Your issue is not with one-tile distant cities but with "useless" cities. I've seen a handful myself. I think the solution is to work on game mechanics to reflect their real life utility rather than having sparsely populated super-cities.
Regarding Arguim, one mechanic I would like to see added is an overhaul of navies. Power in the period of imperialism was safeguarded by navies and navies were supplied by ports. [...]
I think trade resources are currently very well represented by this mod, however trade mechanics could use overhaul when possible.
I agree in principle, not sure about the details of your specific suggestions though.
An easy but heavy-handed solution could be to substantially increase unit supply costs.
To make tightly packed cities more valuable, how about several cities can share a given resource if they are only one tile apart? I.e. for the purposes of limited resource supply they all count as one city, not several. To illustrate, let me take Zaddy's screenshot here:
First, assume Alexandria belongs to Egypt too. Second, let's pretend Egypt actually has two Wheat resources connected to its trade network. Third, if that isn't already the case, let's say a single Wheat resource can only supply a single city.

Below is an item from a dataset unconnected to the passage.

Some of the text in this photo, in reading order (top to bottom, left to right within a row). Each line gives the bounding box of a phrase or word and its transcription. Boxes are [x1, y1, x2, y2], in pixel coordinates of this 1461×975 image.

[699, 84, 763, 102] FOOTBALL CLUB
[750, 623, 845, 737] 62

With my mechanic there would basically be three "clusters" of cities that the limited resource supply mechanic would consider to be a single city each instead of several. Currently, two Wheats would only supply e.g. Nwt-Rst and Alexandria. What I'm suggesting is that here those same two Wheats would instead supply the three cities on the Mediterranean coast as well as the Nwt-Rst, Abw and Akhetaten triangle, assuming neither Selima nor Mut have a decent amount of culture. Instead of 8 cities the resource assignment algorithm would only see 3 here, so only one "city" (actually a group of two cities in this example) would go without Wheat instead of 6.
If that's too contrived or complicated to code, we could just use distance maintenance as a shorthand instead, so all cities whose distance maintenance cost is below a certain threshold (let's say 0.5) would share the resources of the capital or the nearest city with an Administrative Center.
If we look at that Egyptian screenshot again as an example, I would imagine it like this: In the beginning only Akhetaten and Abw would share Nwt-Rst's resources. With jails in place, Pi-Ramesses and Mut could be supplied from the capital too. Finally, if Egypt even lives that long with this setup, Alexandria would join the party when it completes a Courthouse. That is to say, the radius around a Palace or Administrative Center within which any cities would be supplied with that city's resources for free would be 2 tiles at first (so only within the BFC), then 3 tiles with Jails, and finally 4 tiles with Courthouses on top of that.
Specifically I was referring previously to Akhetaten, which captures no resources not already captured by a previous city and works no valuable unworked tiles.
Akhetaten is a port which should pay for itself with the Great Lighthouse and can work two good tiles.
Other notable offenders include Mut and the city to the west of Alexandria, who also capture no new resources or valuable unworked tiles and have to take other tiles from already productive cities just to do anything at all.
The city west of Alexandria puts additional culture pressure on the Spartan Fish, and again pays for itself with the Great Lighthouse.
Selima technically captures the cotton but is also of very dubious utility.
Selima is doing fine.
If you'd founded these cities in vanilla Civ4, any high level player would rightly call that a poor move for a variety of reasons, and the reasons it's a poor move are made even more prominent by DOC's ruleset.
IIRC high level vanilla Civ4 players are all about cottage sharing in the early game to get a rich Bureaucracy capital up and running. The unhealth from the flood plains punishes cities that grow too big, making it more attractive to have several small cities instead of few large ones.